Repeat the whole of the data, keeping every detail the same.
[[ Stored data open ]]
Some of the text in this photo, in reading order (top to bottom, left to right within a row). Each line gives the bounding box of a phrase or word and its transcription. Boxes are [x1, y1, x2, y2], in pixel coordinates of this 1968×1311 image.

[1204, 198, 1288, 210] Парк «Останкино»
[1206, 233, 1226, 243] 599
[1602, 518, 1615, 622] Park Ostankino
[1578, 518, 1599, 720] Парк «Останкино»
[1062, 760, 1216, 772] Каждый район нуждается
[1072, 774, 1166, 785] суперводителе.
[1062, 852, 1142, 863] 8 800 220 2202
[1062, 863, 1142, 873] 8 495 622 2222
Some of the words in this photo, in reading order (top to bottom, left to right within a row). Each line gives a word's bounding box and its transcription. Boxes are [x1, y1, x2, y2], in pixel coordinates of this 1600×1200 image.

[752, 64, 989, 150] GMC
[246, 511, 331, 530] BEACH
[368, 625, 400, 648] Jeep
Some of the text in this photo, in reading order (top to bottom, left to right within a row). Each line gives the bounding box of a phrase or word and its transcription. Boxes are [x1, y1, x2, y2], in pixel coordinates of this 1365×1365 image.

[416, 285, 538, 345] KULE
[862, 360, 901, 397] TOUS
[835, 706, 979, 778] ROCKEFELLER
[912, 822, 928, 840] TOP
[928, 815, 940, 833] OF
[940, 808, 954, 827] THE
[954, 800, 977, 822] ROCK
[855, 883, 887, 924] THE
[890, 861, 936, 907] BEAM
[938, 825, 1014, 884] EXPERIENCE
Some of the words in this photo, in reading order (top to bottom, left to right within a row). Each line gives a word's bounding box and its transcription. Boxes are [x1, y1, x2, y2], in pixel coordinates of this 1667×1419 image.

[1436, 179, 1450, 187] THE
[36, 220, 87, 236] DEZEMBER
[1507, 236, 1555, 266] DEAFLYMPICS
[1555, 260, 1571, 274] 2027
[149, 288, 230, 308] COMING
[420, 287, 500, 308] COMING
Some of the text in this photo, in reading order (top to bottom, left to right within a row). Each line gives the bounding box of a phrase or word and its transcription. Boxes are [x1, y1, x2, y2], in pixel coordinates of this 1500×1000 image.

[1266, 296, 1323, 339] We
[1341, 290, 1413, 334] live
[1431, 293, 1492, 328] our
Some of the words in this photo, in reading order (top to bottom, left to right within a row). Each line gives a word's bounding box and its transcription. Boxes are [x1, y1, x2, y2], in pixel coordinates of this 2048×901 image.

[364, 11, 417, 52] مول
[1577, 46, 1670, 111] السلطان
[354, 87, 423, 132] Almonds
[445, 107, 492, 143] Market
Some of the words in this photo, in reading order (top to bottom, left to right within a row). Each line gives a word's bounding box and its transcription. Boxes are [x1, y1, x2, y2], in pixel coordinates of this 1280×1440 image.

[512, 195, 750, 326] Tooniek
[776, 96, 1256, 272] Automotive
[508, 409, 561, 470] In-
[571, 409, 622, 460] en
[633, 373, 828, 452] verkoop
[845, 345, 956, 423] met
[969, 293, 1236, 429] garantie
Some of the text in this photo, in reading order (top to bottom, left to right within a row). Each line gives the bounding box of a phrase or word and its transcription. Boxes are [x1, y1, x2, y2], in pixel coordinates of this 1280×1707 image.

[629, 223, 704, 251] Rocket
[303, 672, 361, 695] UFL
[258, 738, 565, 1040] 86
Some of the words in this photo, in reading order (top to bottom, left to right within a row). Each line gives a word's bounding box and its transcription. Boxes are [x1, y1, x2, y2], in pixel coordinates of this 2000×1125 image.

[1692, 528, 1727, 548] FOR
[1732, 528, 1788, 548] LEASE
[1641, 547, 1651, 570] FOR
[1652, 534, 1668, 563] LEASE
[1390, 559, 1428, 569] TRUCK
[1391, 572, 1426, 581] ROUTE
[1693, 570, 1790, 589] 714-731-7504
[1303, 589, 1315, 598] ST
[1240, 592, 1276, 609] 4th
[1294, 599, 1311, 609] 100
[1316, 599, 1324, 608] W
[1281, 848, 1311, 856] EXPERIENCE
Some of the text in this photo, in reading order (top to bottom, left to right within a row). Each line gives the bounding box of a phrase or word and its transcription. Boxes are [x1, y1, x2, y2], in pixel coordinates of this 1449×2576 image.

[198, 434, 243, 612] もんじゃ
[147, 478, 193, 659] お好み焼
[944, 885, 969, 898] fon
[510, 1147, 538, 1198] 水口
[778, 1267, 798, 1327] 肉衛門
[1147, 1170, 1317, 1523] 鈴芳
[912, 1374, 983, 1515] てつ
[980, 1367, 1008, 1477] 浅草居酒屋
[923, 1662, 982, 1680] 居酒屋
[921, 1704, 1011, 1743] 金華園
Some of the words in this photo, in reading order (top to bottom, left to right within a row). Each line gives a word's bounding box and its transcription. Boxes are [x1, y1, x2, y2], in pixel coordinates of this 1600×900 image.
[[ Stored data closed ]]
#### [Answer for the task]
Some of the text in this photo, in reading order (top to bottom, left to right within a row). Each line gives the bounding box of a phrase or word and its transcription. Boxes are [x1, y1, x2, y2], in pixel coordinates of this 1968×1311 image.

[1204, 198, 1288, 210] Парк «Останкино»
[1206, 233, 1226, 243] 599
[1602, 518, 1615, 622] Park Ostankino
[1578, 518, 1599, 720] Парк «Останкино»
[1062, 760, 1216, 772] Каждый район нуждается
[1072, 774, 1166, 785] суперводителе.
[1062, 852, 1142, 863] 8 800 220 2202
[1062, 863, 1142, 873] 8 495 622 2222
Some of the words in this photo, in reading order (top to bottom, left to right within a row). Each line gives a word's bounding box and its transcription. Boxes are [x1, y1, x2, y2], in pixel coordinates of this 1600×1200 image.

[752, 64, 989, 150] GMC
[246, 511, 331, 530] BEACH
[368, 625, 400, 648] Jeep
Some of the text in this photo, in reading order (top to bottom, left to right within a row). Each line gives the bounding box of a phrase or word and its transcription. Boxes are [x1, y1, x2, y2], in pixel coordinates of this 1365×1365 image.

[416, 285, 538, 345] KULE
[862, 360, 901, 397] TOUS
[835, 706, 979, 778] ROCKEFELLER
[912, 822, 928, 840] TOP
[928, 815, 940, 833] OF
[940, 808, 954, 827] THE
[954, 800, 977, 822] ROCK
[855, 883, 887, 924] THE
[890, 861, 936, 907] BEAM
[938, 825, 1014, 884] EXPERIENCE
Some of the words in this photo, in reading order (top to bottom, left to right within a row). Each line gives a word's bounding box and its transcription. Boxes are [x1, y1, x2, y2], in pixel coordinates of this 1667×1419 image.

[1436, 179, 1450, 187] THE
[36, 220, 87, 236] DEZEMBER
[1507, 236, 1555, 266] DEAFLYMPICS
[1555, 260, 1571, 274] 2027
[149, 288, 230, 308] COMING
[420, 287, 500, 308] COMING
Some of the text in this photo, in reading order (top to bottom, left to right within a row). Each line gives the bounding box of a phrase or word and its transcription. Boxes are [x1, y1, x2, y2], in pixel coordinates of this 1500×1000 image.

[1266, 296, 1323, 339] We
[1341, 290, 1413, 334] live
[1431, 293, 1492, 328] our
Some of the words in this photo, in reading order (top to bottom, left to right within a row). Each line gives a word's bounding box and its transcription. Boxes are [x1, y1, x2, y2], in pixel coordinates of this 2048×901 image.

[364, 11, 417, 52] مول
[1577, 46, 1670, 111] السلطان
[354, 87, 423, 132] Almonds
[445, 107, 492, 143] Market
Some of the words in this photo, in reading order (top to bottom, left to right within a row). Each line gives a word's bounding box and its transcription. Boxes are [x1, y1, x2, y2], in pixel coordinates of this 1280×1440 image.

[512, 195, 750, 326] Tooniek
[776, 96, 1256, 272] Automotive
[508, 409, 561, 470] In-
[571, 409, 622, 460] en
[633, 373, 828, 452] verkoop
[845, 345, 956, 423] met
[969, 293, 1236, 429] garantie
Some of the text in this photo, in reading order (top to bottom, left to right within a row). Each line gives the bounding box of a phrase or word and its transcription. Boxes are [x1, y1, x2, y2], in pixel coordinates of this 1280×1707 image.

[629, 223, 704, 251] Rocket
[303, 672, 361, 695] UFL
[258, 738, 565, 1040] 86
Some of the words in this photo, in reading order (top to bottom, left to right within a row). Each line gives a word's bounding box and its transcription. Boxes are [x1, y1, x2, y2], in pixel coordinates of this 2000×1125 image.

[1692, 528, 1727, 548] FOR
[1732, 528, 1788, 548] LEASE
[1641, 547, 1651, 570] FOR
[1652, 534, 1668, 563] LEASE
[1390, 559, 1428, 569] TRUCK
[1391, 572, 1426, 581] ROUTE
[1693, 570, 1790, 589] 714-731-7504
[1303, 589, 1315, 598] ST
[1240, 592, 1276, 609] 4th
[1294, 599, 1311, 609] 100
[1316, 599, 1324, 608] W
[1281, 848, 1311, 856] EXPERIENCE
Some of the text in this photo, in reading order (top to bottom, left to right within a row). Each line gives the bounding box of a phrase or word and its transcription. Boxes are [x1, y1, x2, y2], in pixel coordinates of this 1449×2576 image.

[198, 434, 243, 612] もんじゃ
[147, 478, 193, 659] お好み焼
[944, 885, 969, 898] fon
[510, 1147, 538, 1198] 水口
[778, 1267, 798, 1327] 肉衛門
[1147, 1170, 1317, 1523] 鈴芳
[912, 1374, 983, 1515] てつ
[980, 1367, 1008, 1477] 浅草居酒屋
[923, 1662, 982, 1680] 居酒屋
[921, 1704, 1011, 1743] 金華園
Some of the words in this photo, in reading order (top to bottom, left to right within a row). Each line gives a word's bounding box and its transcription. Boxes are [x1, y1, x2, y2], in pixel coordinates of this 1600×900 image.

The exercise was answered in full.